Nautilus pulled the Volvo from the loading dock. He drove six blocks before realizing it was raining and turned on his wipers. His stomach grumbled from not eating in over a dozen hours. A
small seafood restaurant appeared in the rain and he pulled into the lot.
“It’ll be a few minutes, babe,” a hefty, fiftyish gum-chewing waitress said, scribbling his order on her pad. She tossed the ticket to the cook behind the counter.
Harry Nautilus put his elbows on the table and dry-washed his face with his hands. The restaurant was quiet and his thoughts loud.
“You got a paper around?” he called to the waitress. “Something to read, anything?”
She reached beneath the cash register, came up with a handful of newsprint, brought him the Register. He snapped it open. A page-one headline read, MOBILE DE-TECTIVE MISSING, BELIEVED DROWNED.

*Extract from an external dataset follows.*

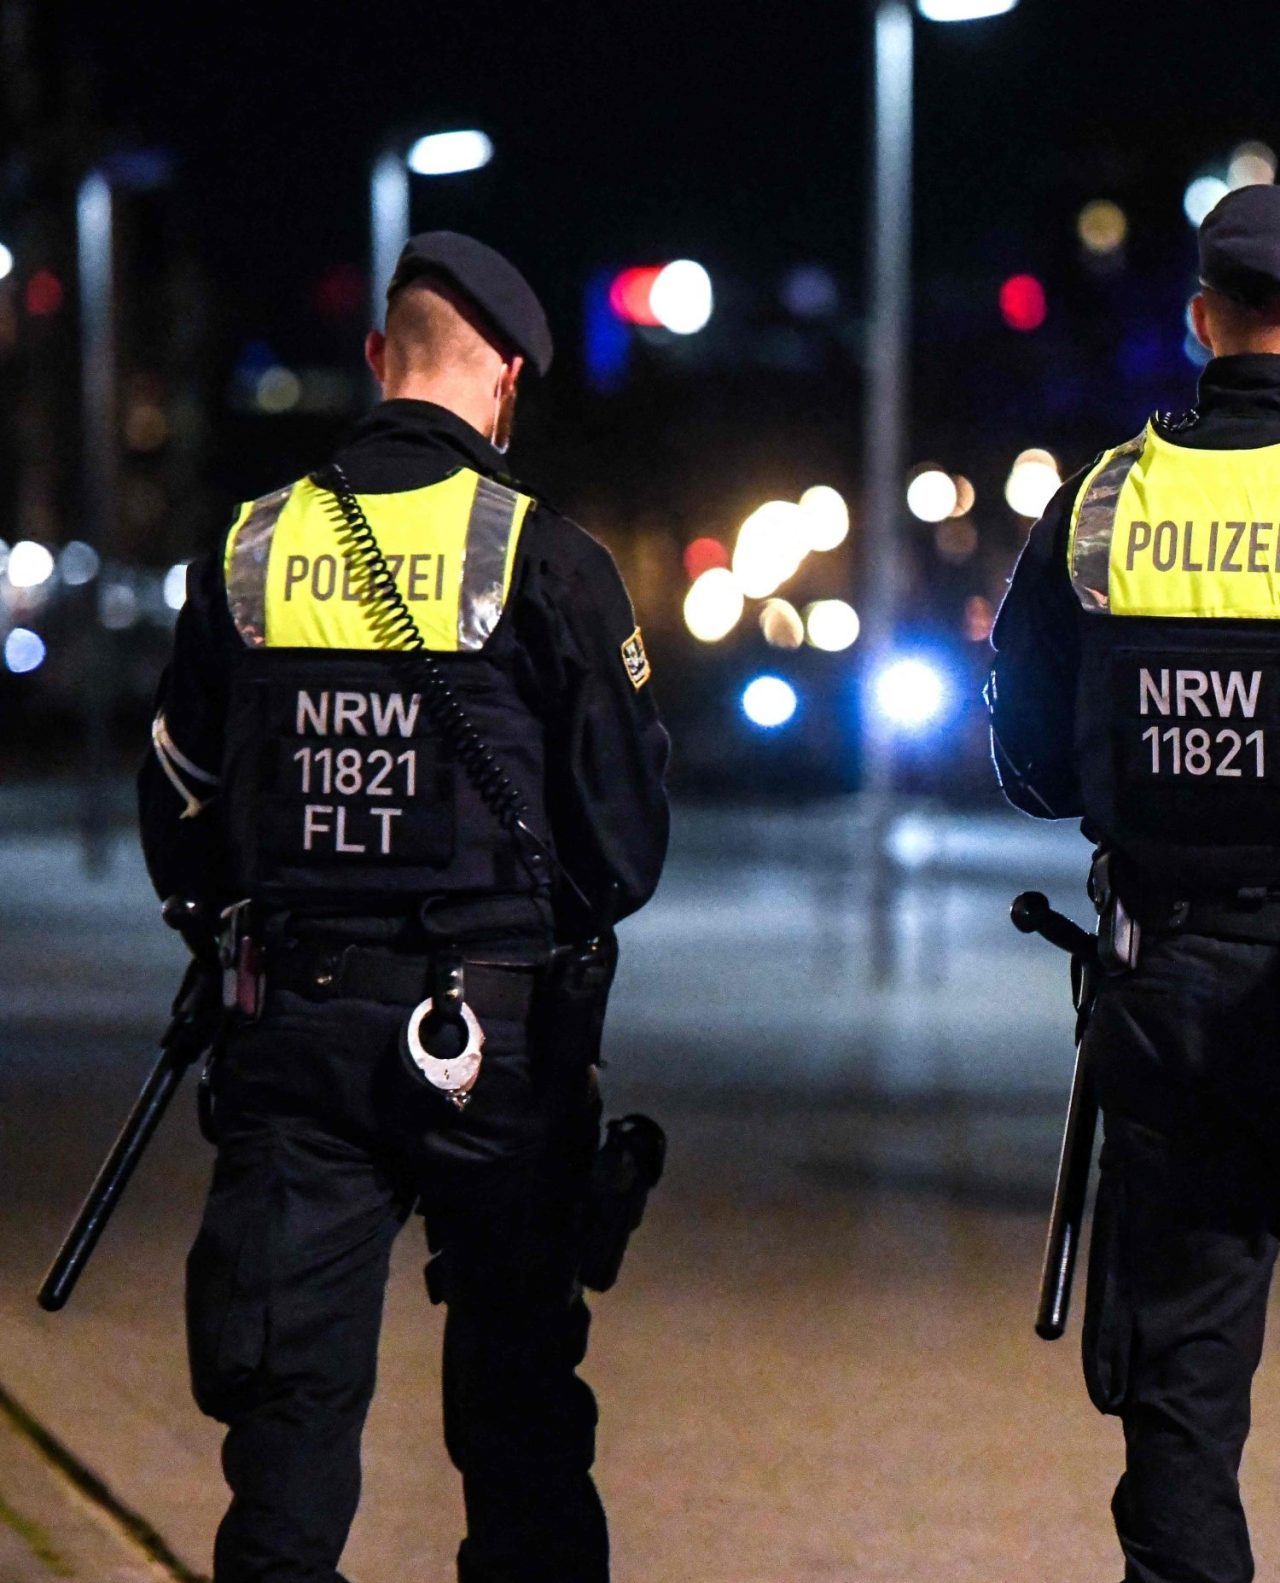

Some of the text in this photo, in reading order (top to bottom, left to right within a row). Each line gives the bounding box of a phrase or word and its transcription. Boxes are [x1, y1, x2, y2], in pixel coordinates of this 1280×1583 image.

Nautilus pushed the paper away like it was on fire, threw a twenty on the table, ran out the door.
My forehead turned cold and I opened my eyes. My guts felt like they’d been removed, beaten with jellyfish tentacles, stuck back inside. Miss Gracie was wiping my head with a cool, damp cloth. It felt wonderful.
“You feelin’ all right?” she asked, looking into my eyes.
“No.”
She wrung water from the towel, refreshed it from a bowl of ice water on the bedside table.
“Why are you doing this?” I asked.
Miss Gracie patted the towel against my forehead, then folded it and left it laying.
“Used to be they’d send people here to test us. Fakes. If we told them things we wasn’t supposed to, it could be real bad. If you were fake he wouldn’t have done that to you. I can’t do much, but I can at least give you a clean head.”
“Where am I? And please, don’t tell me—”
“You’re in a story. An’ I think it may be ending. Least the way it is now, the way it’s become.”
“Story?”
“I’ll come back later. Maybe you should know a few parts of the story. Sleep now.”
I closed my eyes beneath the cool towel and drifted off. The next time I awakened, my pain had subsided and my vision was clear. I was still in bed, but someone had pushed me into a different room. Smaller. There was a steel door, closed, a slat at eye-height, also closed. The walls were covered in a thick, coarse-woven fabric, like old-time mats in high school gyms. A light was recessed into the ceiling, crisscrossed with bars.